Although phishing, malware attacks, and botnet propagation have all come about in the last decade or so, they are little more than new ways of carrying out much older types of crime, said Dmitri Alperovitch, director of intelligence analysis at a company called Secure Computing.
"These crimes, when you follow the money, when you look at what they're actually trying to do, are really covered by laws that are hundreds of years old," Alperovitch said during a session at the RSA security conference. "It's my belief that new laws for the most part are not only not needed but a lot of times are a waste of paper and a waste of time."
Alperovitch sounded a theme that has been so often repeated in security circles that it's now almost cliche: Cyber crime is no longer the province of teenage hackers holed up in their parents' basement, but rather an enterprise that's been co-opted into the most hardened and powerful organized crime families. He cataloged some of the better-known examples including:
- Dmitry Golubov, a Ukrainian alleged to be an original member of Carderplanet, an online clearinghouse for people engaged in the theft of credit and debit card information. He was arrested in 2006, but his case languished after two members of the Ukrainian parliament intervened on his behalf. He recently founded the Internet Party of Ukraine.
- Younis Tsouli, who last year was convicted by UK authorities for inciting acts of terrorism. Tsouli frequently distributed propaganda videos for Al-Qaeda by hosting them on computers he had hijacked, Alperovich said. He frequently engaged in online credit card theft as a means to support his activities.
- Maxim Yastremsky, who was arrested last year for allegedly selling large amounts of credit card numbers that were stolen from the network of US retailing giant TJX. He was selling card data in batches of 10,000, and was charging $20 to $100 per card.

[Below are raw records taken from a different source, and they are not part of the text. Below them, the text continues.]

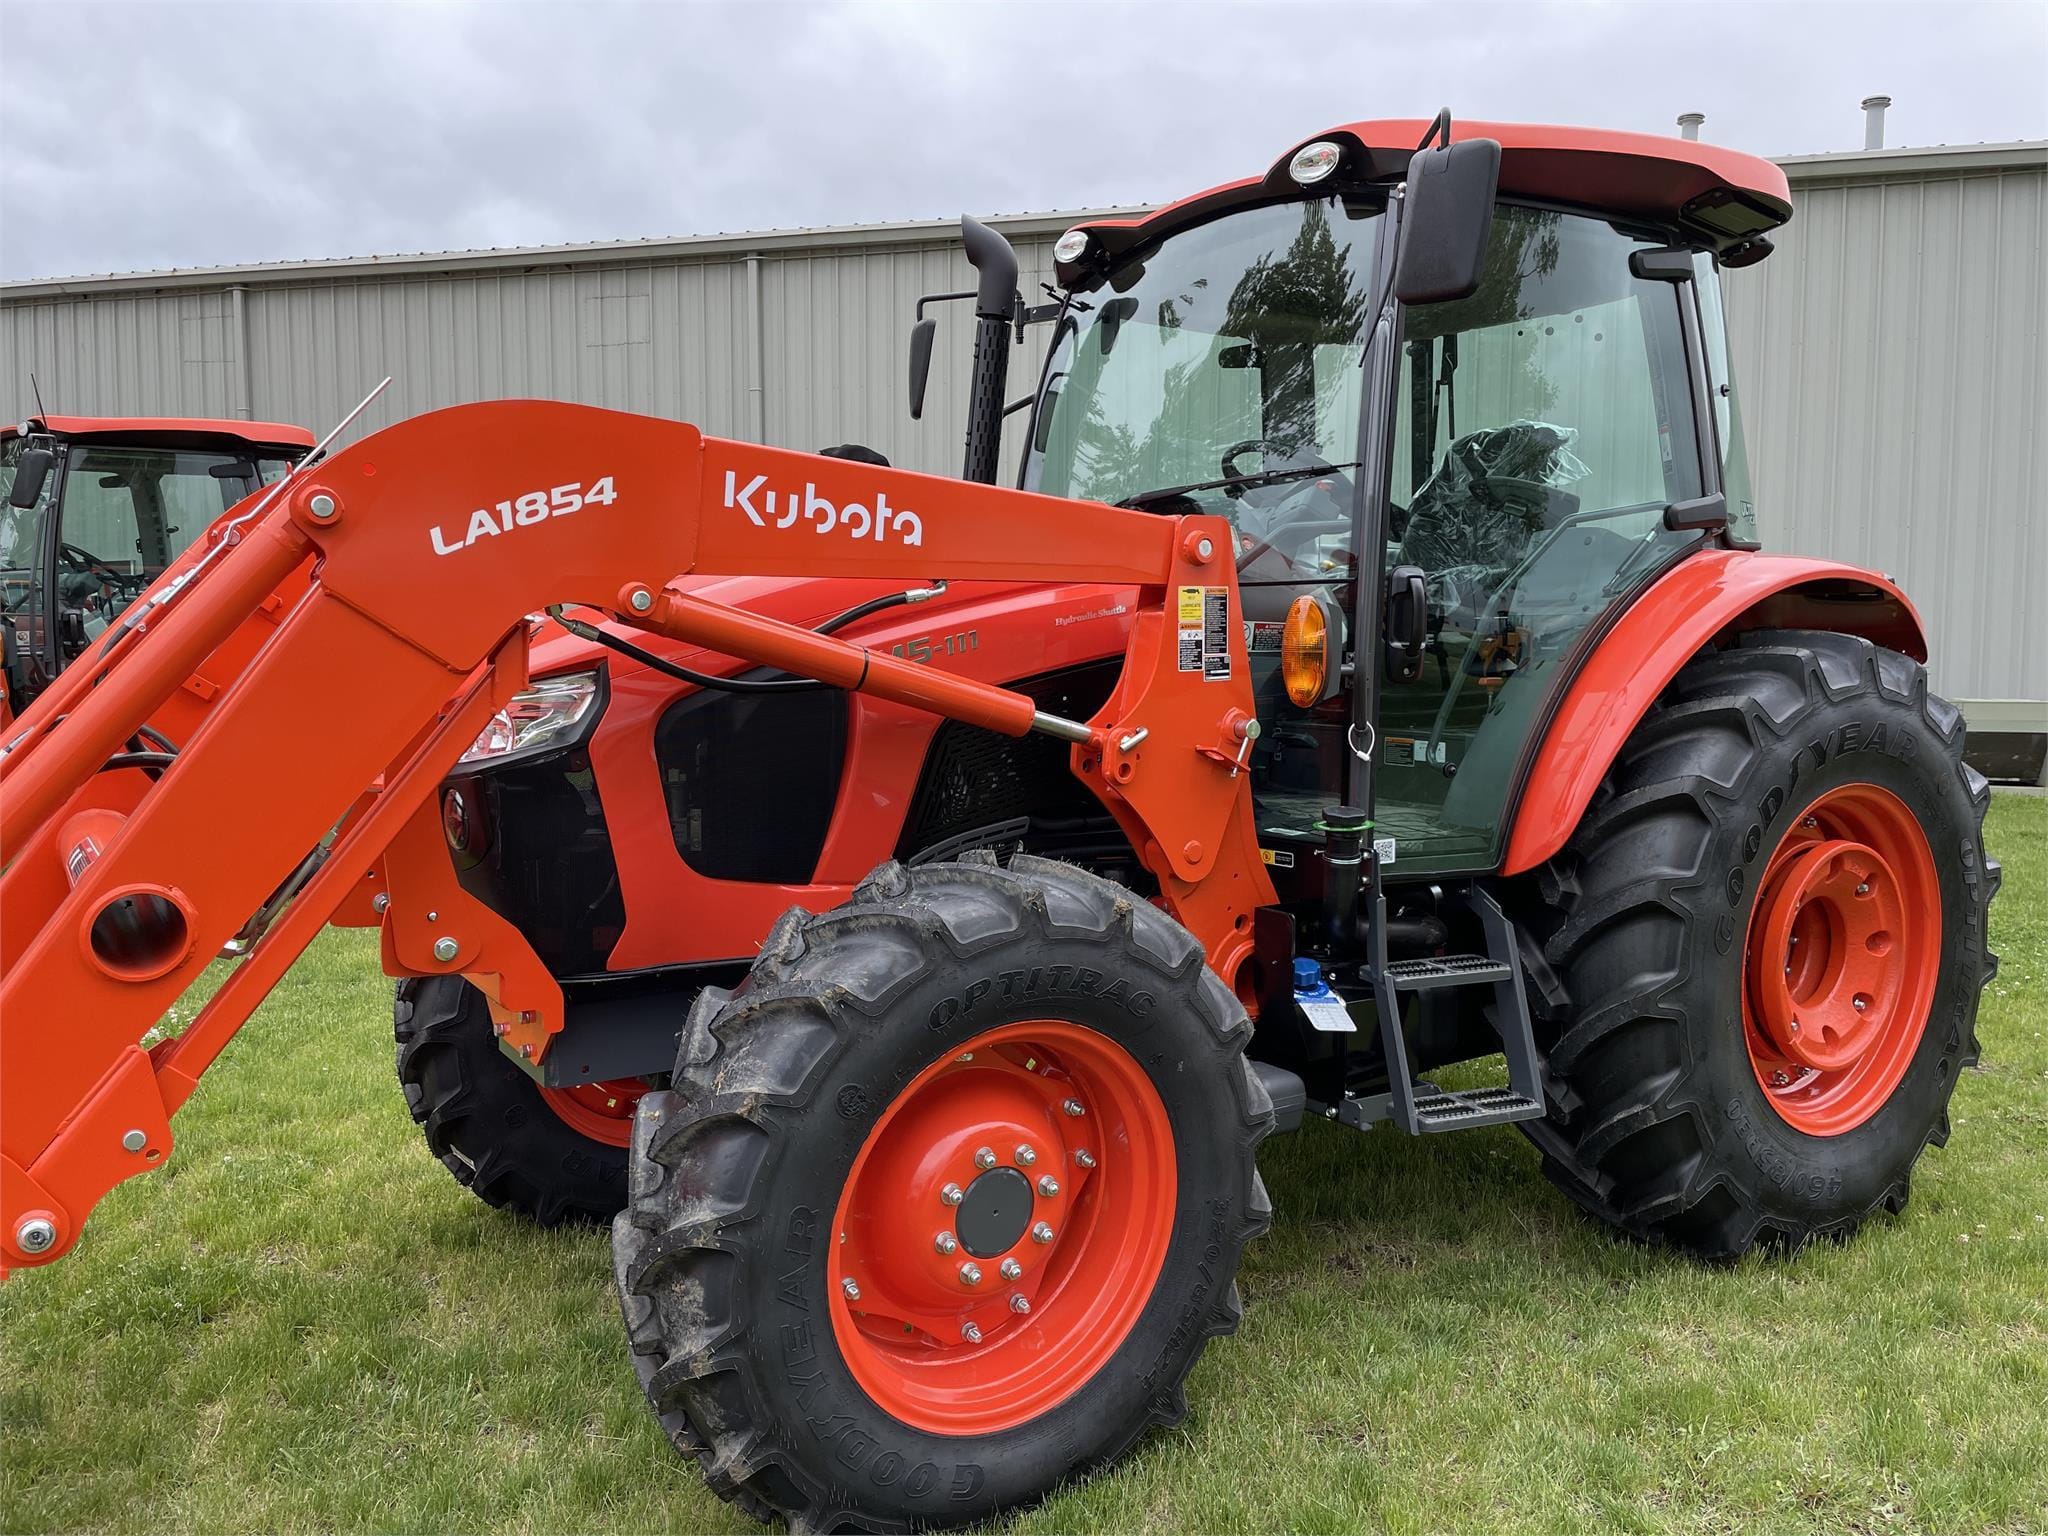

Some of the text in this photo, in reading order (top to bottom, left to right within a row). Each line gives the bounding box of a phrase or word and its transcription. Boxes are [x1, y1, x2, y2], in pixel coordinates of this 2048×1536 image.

[430, 477, 617, 556] LA1854
[724, 470, 923, 546] Kubota
[1055, 605, 1126, 626] Hydraulic Shuttle
[1715, 721, 1919, 955] GOODYEAR
[929, 964, 1157, 1031] OPTITRAC
[777, 1205, 985, 1500] GOODYEAR
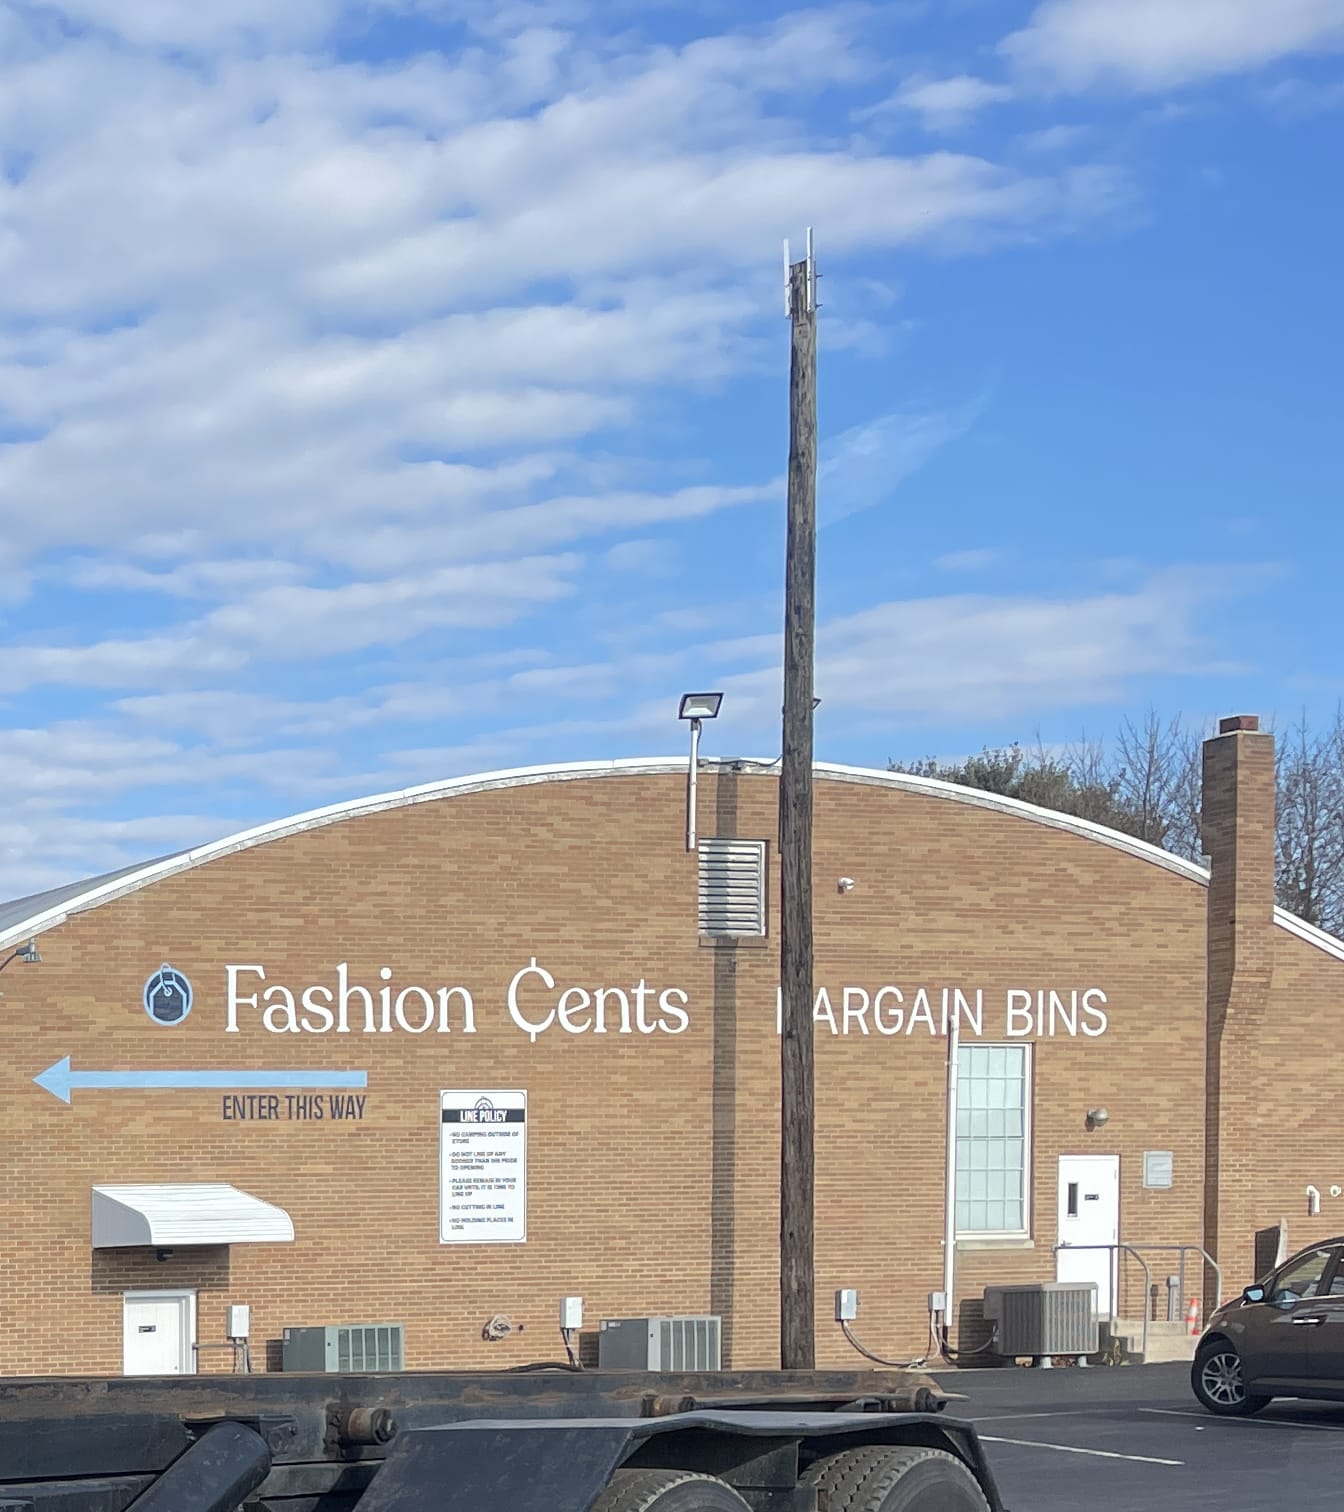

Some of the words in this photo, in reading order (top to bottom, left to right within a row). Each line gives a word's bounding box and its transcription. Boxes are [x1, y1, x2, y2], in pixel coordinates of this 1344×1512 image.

[224, 961, 478, 1034] Fashion
[776, 985, 983, 1036] ARGAIN
[1006, 988, 1108, 1037] BINS
[222, 1094, 280, 1121] ENTER
[284, 1094, 325, 1120] THIS
[328, 1093, 367, 1119] WAY
[459, 1110, 478, 1123] LINE
[479, 1109, 508, 1123] POLICY
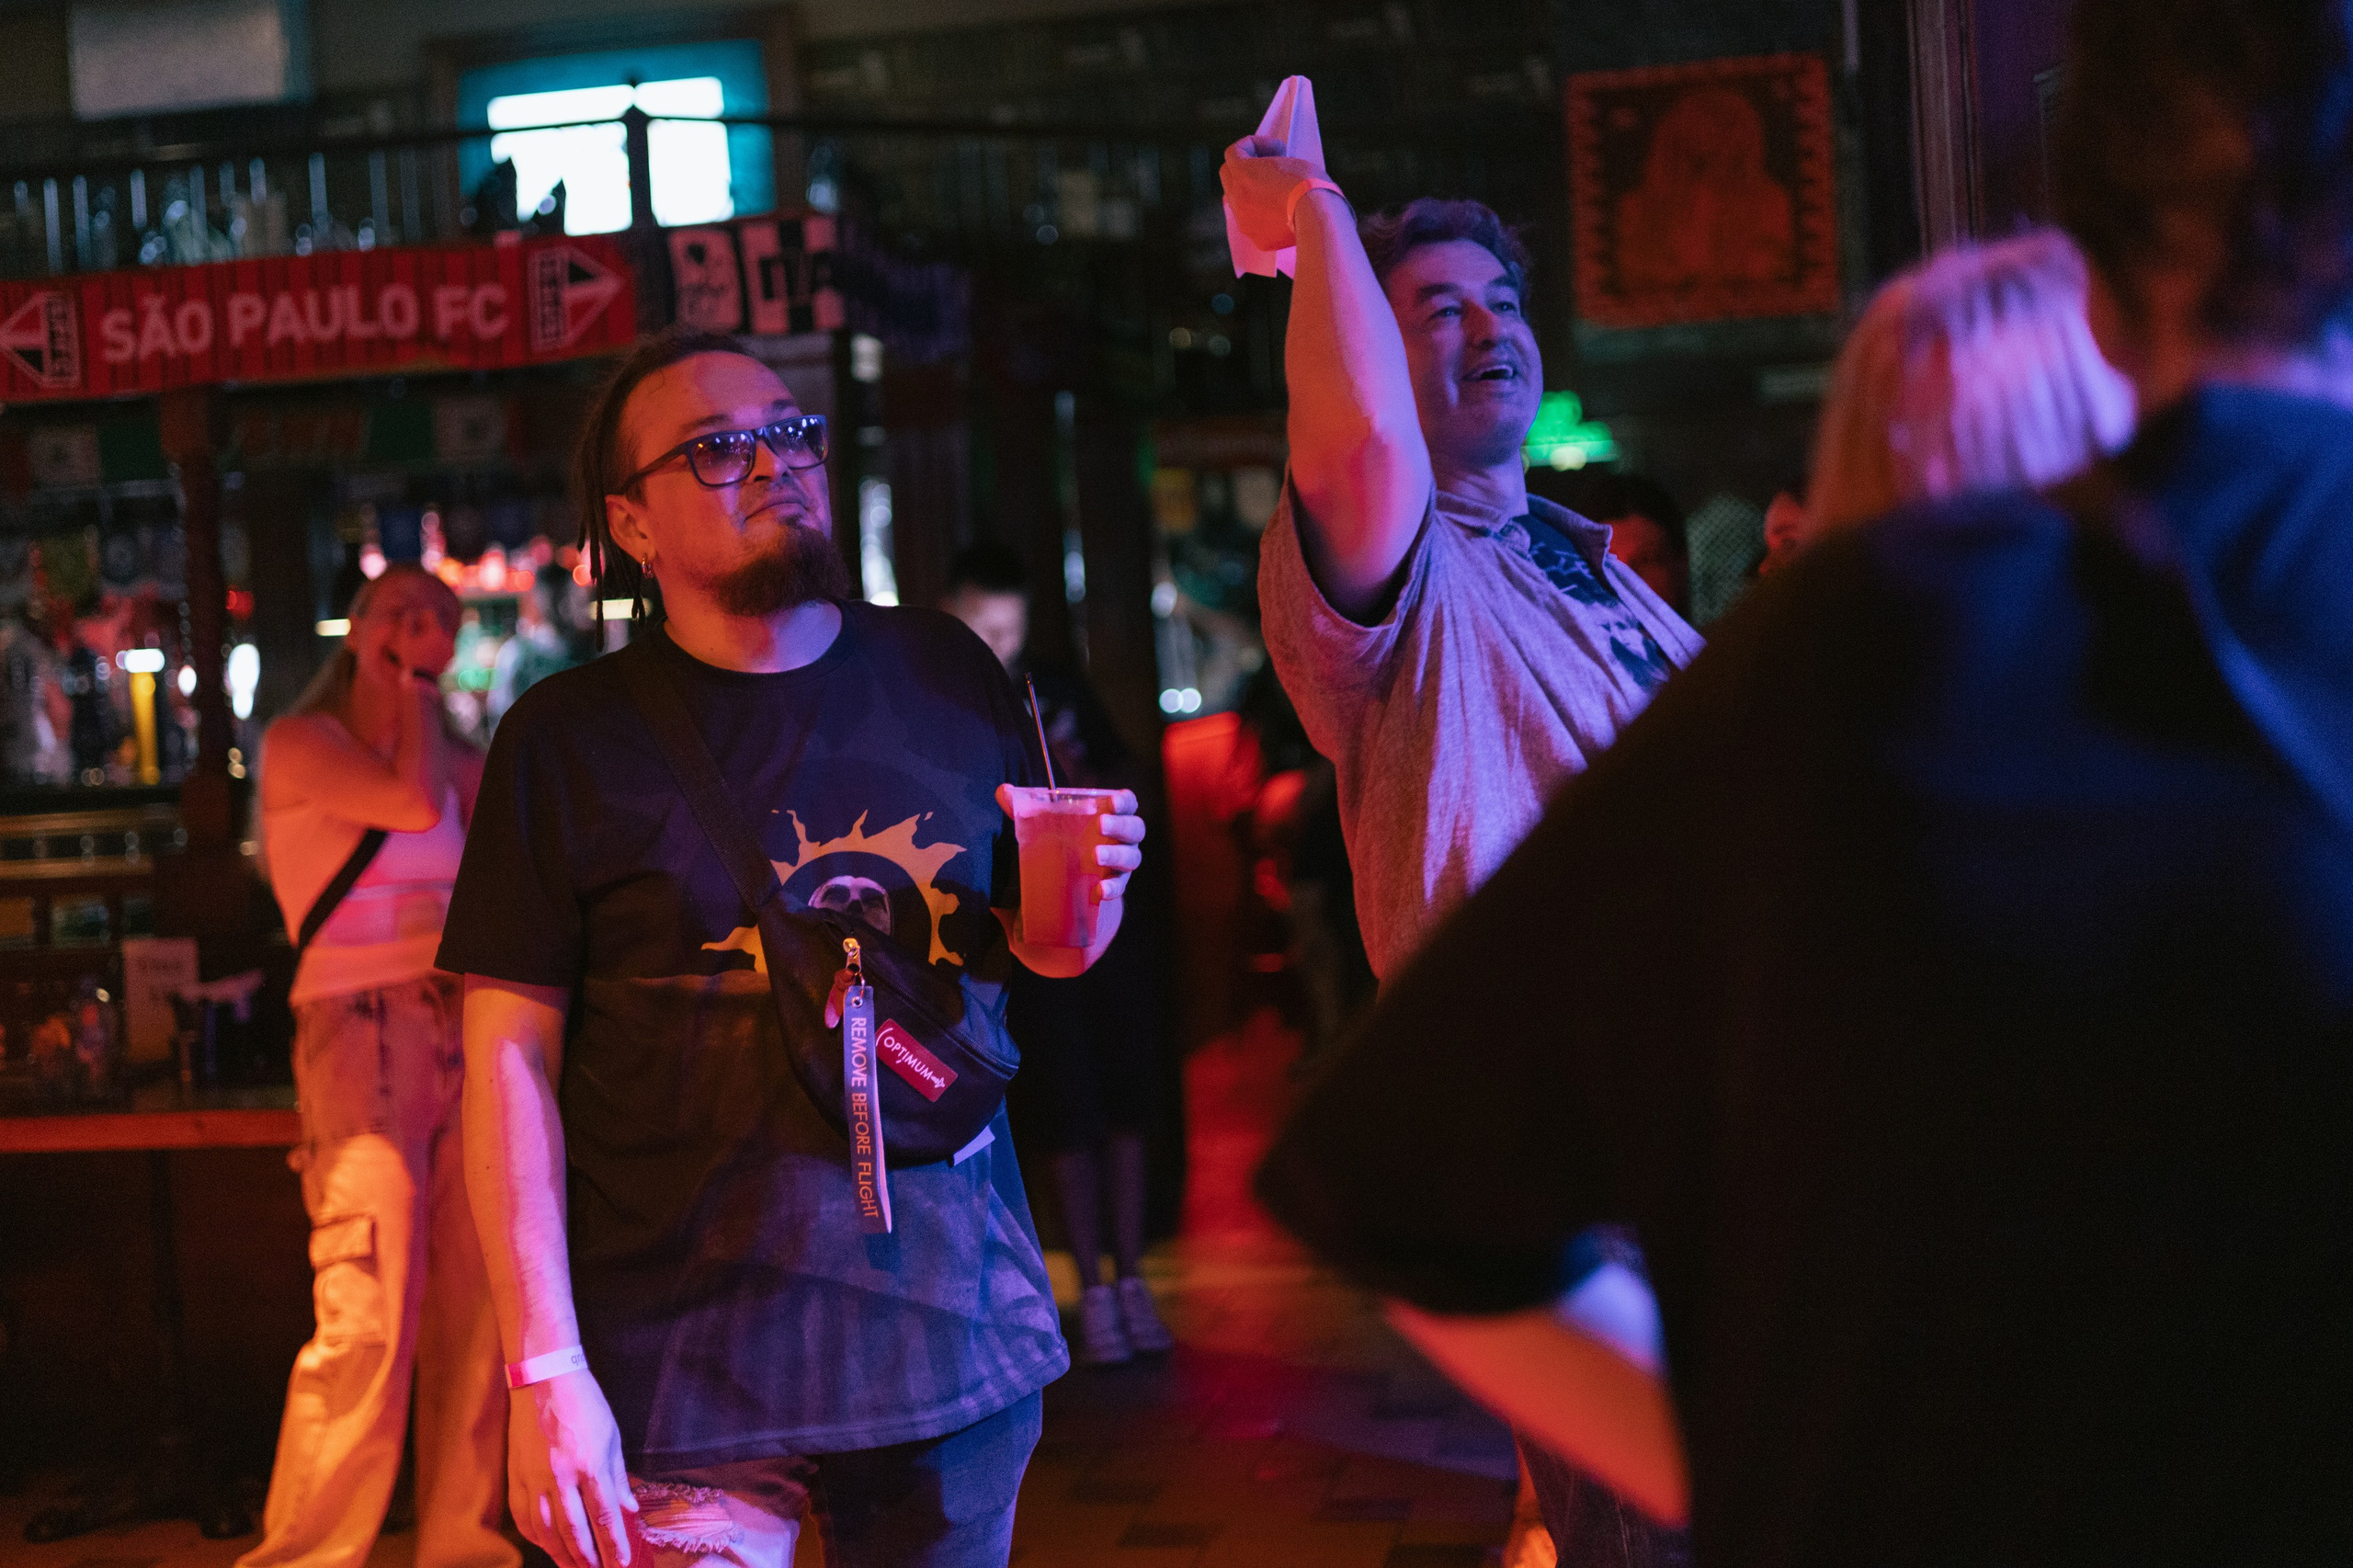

Today's cyber criminals have adopted elaborate organizational structures with a handful of elite family members at the top who distance themselves from the illicit activities with several layers of middlemen. At the bottom of the Carderplanet organization, for example, were the vendores, who receive stolen merchandise and use personal bank accounts to launder money. Directly above them were the capo, and still higher were the capo di capi.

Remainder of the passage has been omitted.